The bigger the pot of data, the more likely that inaccuracies will creep in to the analysis. The consequences depend on what happens next…
If algorithms represent a new ungoverned space, a hidden and potentially ever-evolving unknowable public good, then they are an affront to our democratic system, one that requires transparency and accountability in order to function – Taylor Owen
A recent article – The Violence of Algorithms – highlighted the increasing breadth and depth of data being collected about people and how the increasing sophistication of technology is enabling some decisions in society to be automated that perhaps shouldn’t be.
Well worth a read, it concludes with three concerns:
- Acts of war have become spatially and conceptually boundless. The lines between war and peace and between domestic international engagements are disappearing
- We are heading to a place of predictive governance, based on unaccountable and often unknowable algorithms and the biases, values, and ambiguities that are built into them
- Spaces of dissent in society are being eroded. Acts of digital civil disobedience are increasingly being targeted and prosecuted not as protest but as terrorism
There are two factors to consider: 1) When should we automate versus intervene? and 2) What checks and balances should be built-on to validate the recommendation.
Overall, machines outperform humans when it comes to computations involving data. The bigger the data, the more advanced the analysis and the more reliance we place on computers to do the digital heavy lifting. But the logical rational decision isn’t always the best one. Not if emotional wellbeing or civilised behaviour is your goal.
Sometimes, even if the data is right, the decision will be wrong
The bigger the data, the more likely there will be ambiguity and inaccuracies (or the simple inevitable randomness within large enough data sets) that can lead to misinterpretation. Empathy and awareness about the context of a given situation enable us to detect a data anomaly that our digital friends cannot.
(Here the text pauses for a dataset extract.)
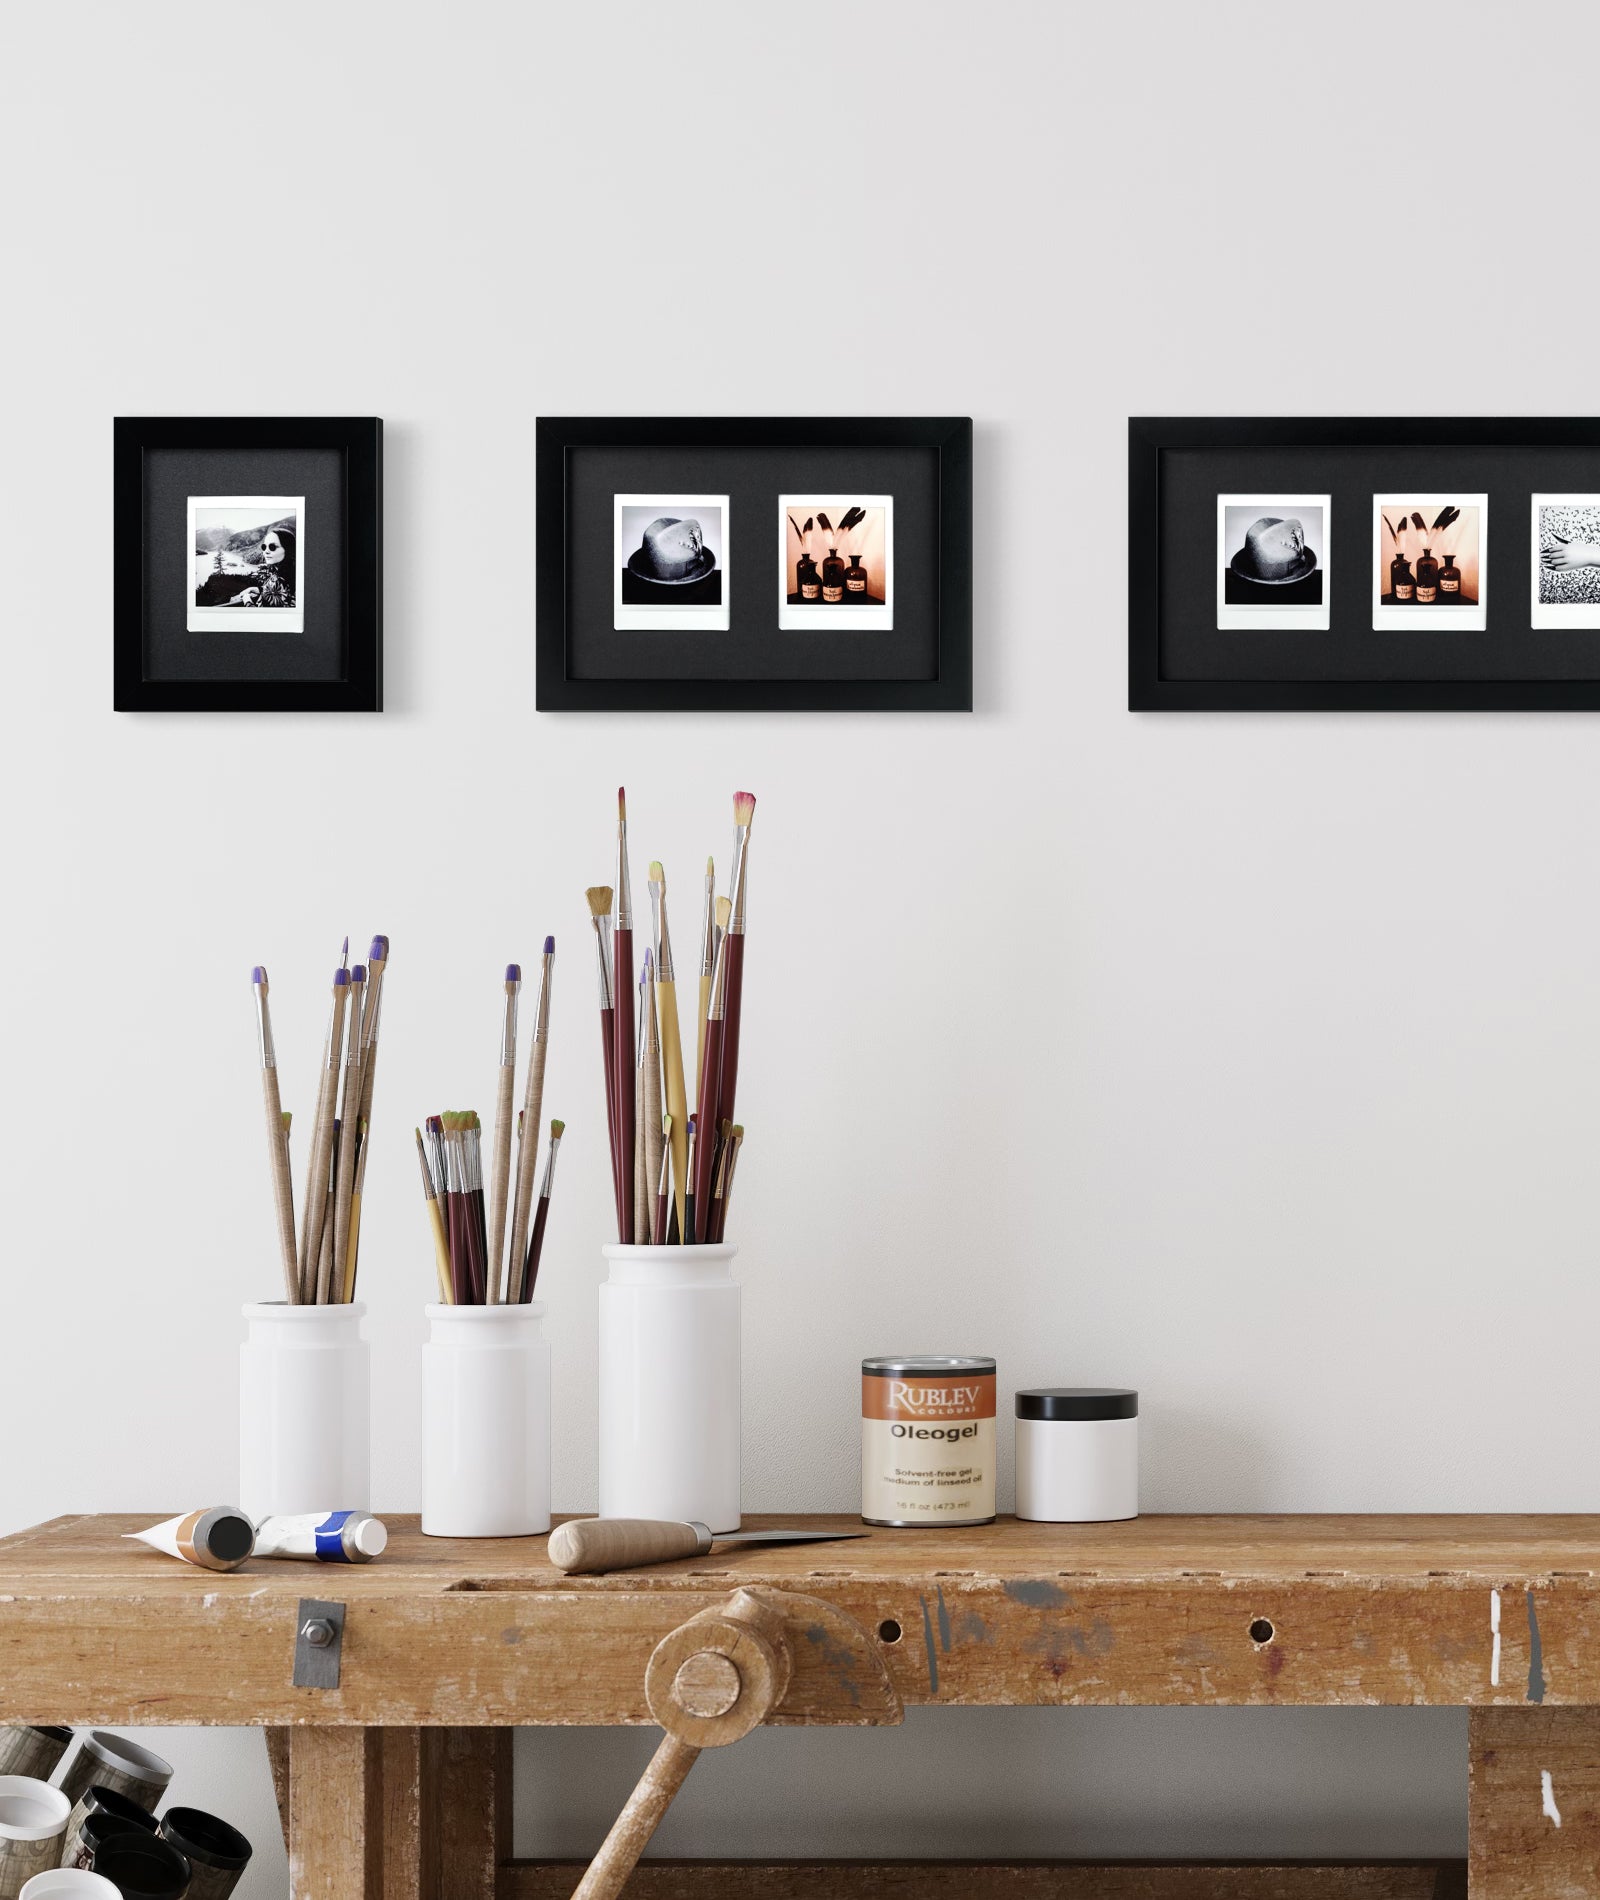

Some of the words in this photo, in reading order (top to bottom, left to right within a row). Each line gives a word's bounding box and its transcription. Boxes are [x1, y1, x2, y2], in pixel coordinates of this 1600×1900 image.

These issues were highlighted in another recent article – UK report details what happens when police spying goes wrong – that catalogued a range of mistakes made due to simple data errors such as mistyping an email address leading to arresting the wrong person. Whilst the mistake was later found and corrected, some arrests and accusations linger far longer than they should.
Being able to critique data analysis is becoming more important as sensor-based and data-driven automation increases within urban spaces. Even when an analysis ‘feels right’, it should always be checked for misleading assumptions and potential inaccuracies. And careful consideration needs to be applied to any decision to automate ‘intelligent’ actions. Sometimes even if the data is right, the outcome will be wrong.
Never forget, with a large enough data set the improbable becomes probable.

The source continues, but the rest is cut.